Sam se encogió de hombros dándole a entender que no era más que una víctima de las circunstancias.
—Toma —le dijo, ofreciéndole el café—. Es descafeinado.
Faith había intentado tomarse un café esa mañana. Nada más olerlo había tenido que salir disparada hacia el baño.
—Lo siento —dijo. Faith ignoró el café y se apartó de Sam para que no le volvieran las náuseas.
Sam tiró el vaso en una papelera y salió detrás de ella.
—¿Náuseas matutinas?
Faith echó un vistazo alrededor, pues temía que alguien les oyera.
—No se lo he dicho a nadie más que a mi jefa.
Intentó recordar cuándo se suponía que debías decírselo a la gente. Había que esperar unas semanas para asegurarse de que el embrión había prendido. Faith debía de estar acercándose ya a ese momento. Dentro de poco empezaría a contarlo. ¿Debería reunirlos a todos, invitar a cenar a su madre y a Jeremy y llamar a su hermano con el manos libres, o había algún modo de enviarles un correo anónimo a todos y largarse al Caribe unas semanas para eludir el chaparrón?
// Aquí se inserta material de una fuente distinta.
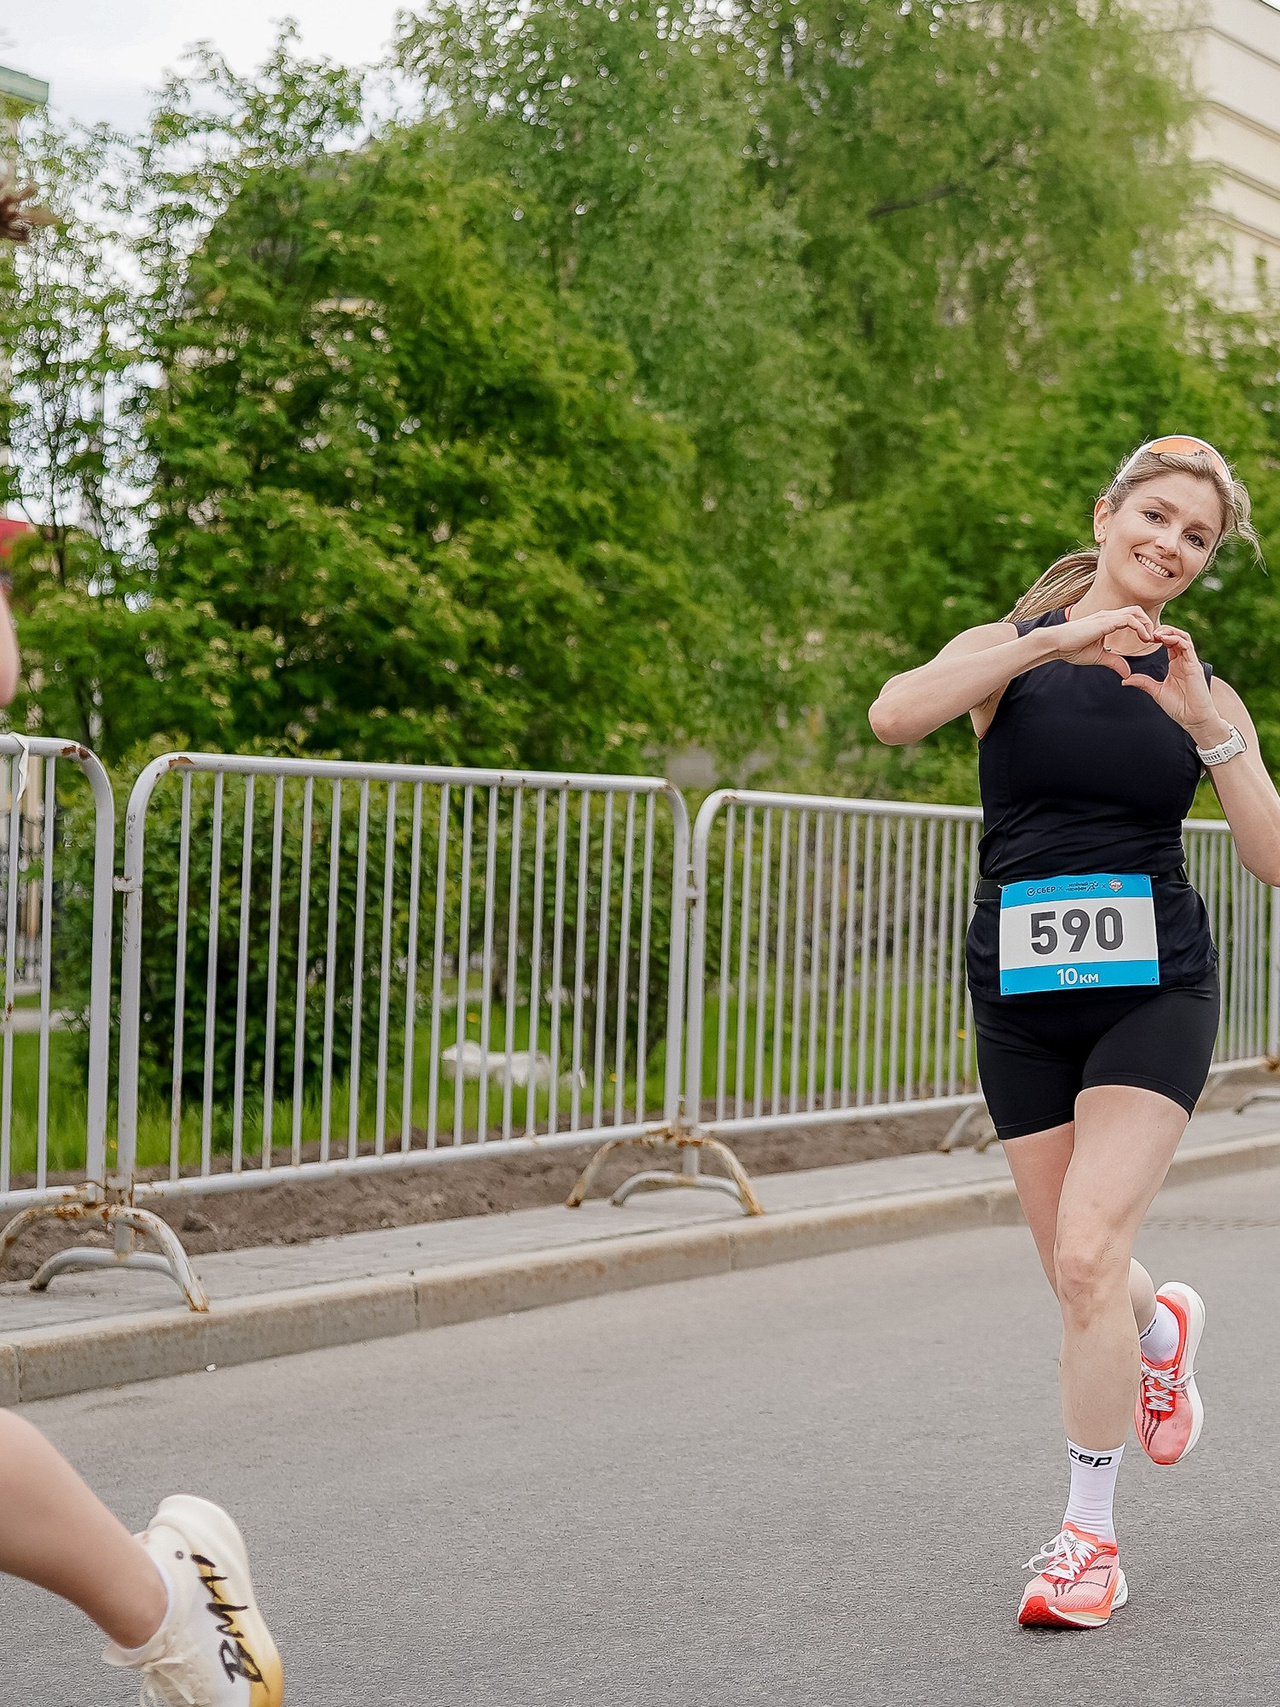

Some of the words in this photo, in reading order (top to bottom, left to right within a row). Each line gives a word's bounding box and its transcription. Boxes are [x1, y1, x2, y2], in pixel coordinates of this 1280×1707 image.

[1036, 885, 1056, 894] СБЕР
[1030, 907, 1124, 955] 590
[1069, 1448, 1113, 1467] cep
Sam chasqueó los dedos delante de su cara.
—¿Hay alguien ahí?
—Apenas. —Faith llegó a la puerta al mismo tiempo que él y dejó que la abriera y le cediera el paso—. Tengo muchas cosas en la cabeza.
—En cuanto a lo de anoche…
—En realidad fue hace dos noches.
Sam sonrió abiertamente.
—Sí, pero no me paré a pensarlo hasta anoche.
Faith suspiró y apretó el botón del ascensor.
—Ven aquí —dijo, empujándola hacia el hueco que había enfrente del ascensor. Había una máquina expendedora con tres hileras de bollitos, cosa que Faith sabía sin necesidad de mirar.
Sam le colocó el pelo detrás de la oreja y Faith se lo volvió a soltar. No estaba de humor para carantoñas a esa hora de la mañana. Sin pensarlo, miró para asegurarse de que ninguna cámara de seguridad los estaba grabando.
—La otra noche me porté como un idiota. Lo siento.
Faith oyó las puertas del ascensor que se abrían y se volvían a cerrar.
—No pasa nada.
—Sí, sí pasa.
Sam se inclinó para besarla, pero ella lo rechazó.
—Sam, estoy de servicio. —No añadió lo que estaba pensando, que era que estaba en mitad de un caso en el que había muerto ya una mujer, otra había sido torturada y dos más continuaban desaparecidas—. No es el momento.
—Nunca es el momento —dijo Sam, algo que le había dicho muchas veces cuando salían juntos—. Quiero volver a intentarlo contigo.
—¿Y qué pasa con Gretchen?
Sam se encogió de hombros.
—Me gusta jugar sobre seguro.
Faith dejó escapar un quejido y le empujó. Volvió al ascensor y pulsó de nuevo el botón. Sam no se iba, así que le dijo:
—Estoy embarazada.
—Lo recuerdo.
—No quiero romperte el corazón, pero el niño no es tuyo.
—No me importa.
Faith se volvió para mirarle de frente.
—¿Intentas exorcizar a los fantasmas porque tu mujer abortó?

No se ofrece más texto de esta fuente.